Eat your fruit. It's good for you even in hamburgers! Cherry hamburgers may be healthier for you than regular hamburgers, based on the results of a study by scientists looking into this unusual combination.

Adding cherries to hamburger meat retards spoilage and reduces the formation of suspected cancer-causing compounds known as HAAs (heterocyclic aromatic amines), according to researchers at Michigan State University. Previous research into the effect of combining cherry tissue with ground beef has shown the resulting product to be lower in fat, yet juicier and more tender than pure beef burgers.

Cherry burgers are an increasingly popular food item, particularly on school lunch menus in 16 states, and the subject of research reported in the Nov. 7 web edition of the Journal of Agricultural and Food Chemistry, published by the American Chemical Society, the world's largest scientific society. The article will appear in the Dec. 21 print edition of the peer-reviewed journal.

"Cherry tissue will not only slow down the oxidative deterioration of meat lipids but will also substantially reduce the formation of heterocyclic aromatic amines," says J. Ian Gray, Ph.D., professor of food science at Michigan State University in East Lansing. HAAs are formed naturally during cooking. Many of them have been determined to cause cancer in some animals and are suspected to be carcinogenic in humans. A primary cause of off-flavor, lipid oxidation also causes discoloring and texture change of meat during storage.

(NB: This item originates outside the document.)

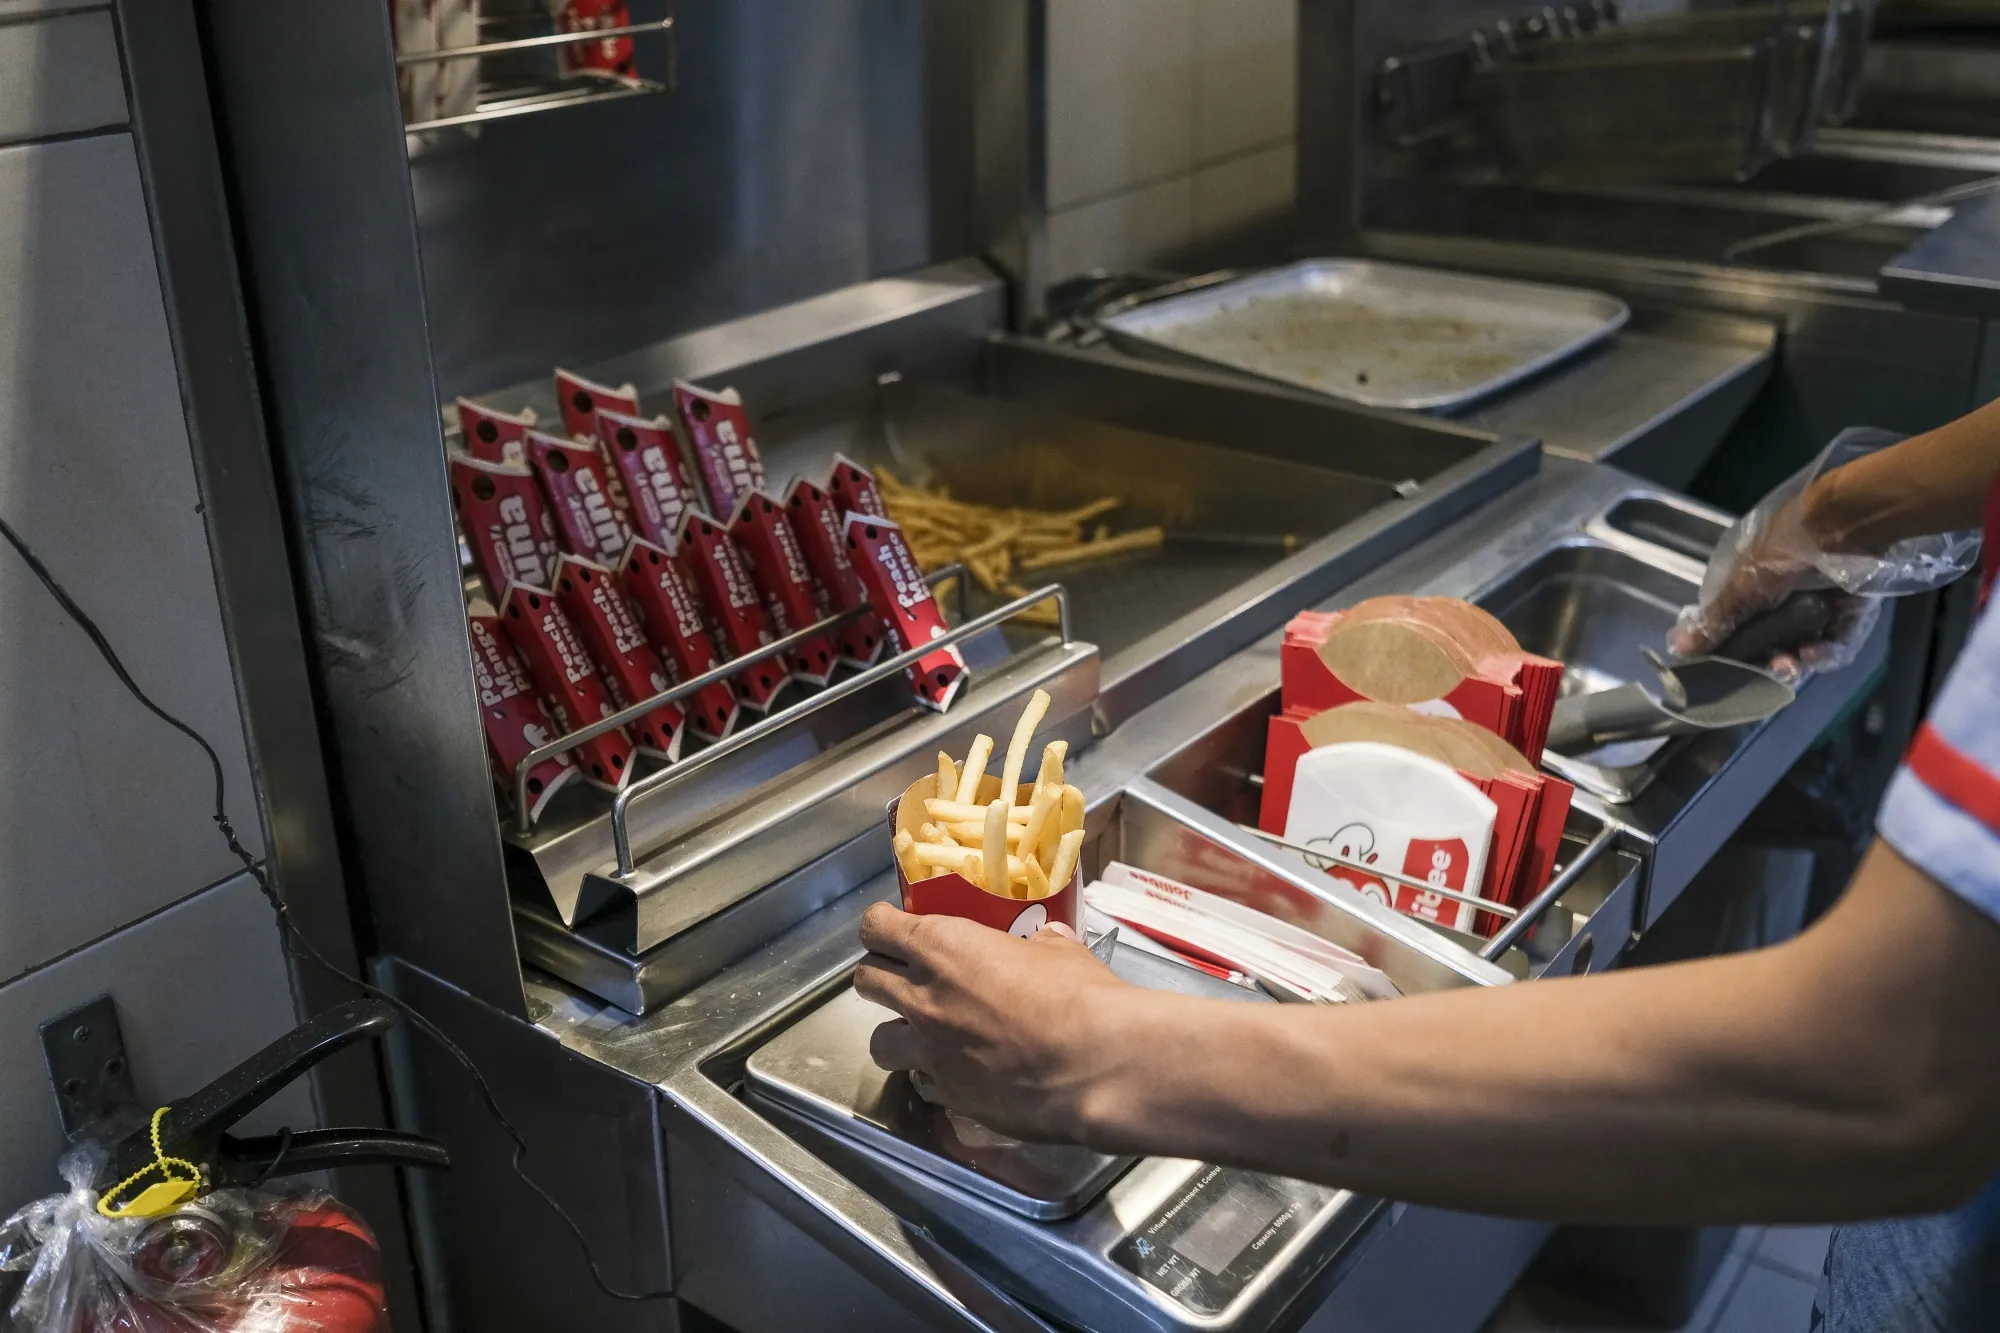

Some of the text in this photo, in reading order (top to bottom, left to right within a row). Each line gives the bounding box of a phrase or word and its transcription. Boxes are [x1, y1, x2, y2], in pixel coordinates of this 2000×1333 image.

In the study, MSU researchers found that ground beef patties containing 15 percent fat and 11.5 percent tart cherry tissue had "significantly" fewer HAAs when pan fried, compared to patties without cherry tissue added. The overall HAA reduction ranged from nearly 69 percent to 78.5 percent. The reduction is "clearly due to cherry components functioning as inhibitors of the reaction(s) leading to HAA formation," according to the journal article. Measurements done during the study showed that the fat content of cherry patties was lower than that of regular patties, but the moisture content was greater, thereby verifying early findings.

Cherry burgers are on school menus in 16 states as part of the U.S. Department of Agriculture National School Lunch Program, according to Ray Pleva, the northern Michigan butcher and cherry grower who created the product. The states, he says, are Arizona, California, Illinois, Indiana, Kentucky, Massachusetts, Michigan, New Jersey, North Carolina, Ohio, Oregon, Pennsylvania, South Carolina, Tennessee, Washington and West Virginia. Earlier this year, a member of the Michigan Legislature proposed, unsuccessfully, that they be proclaimed as the official Michigan state burger.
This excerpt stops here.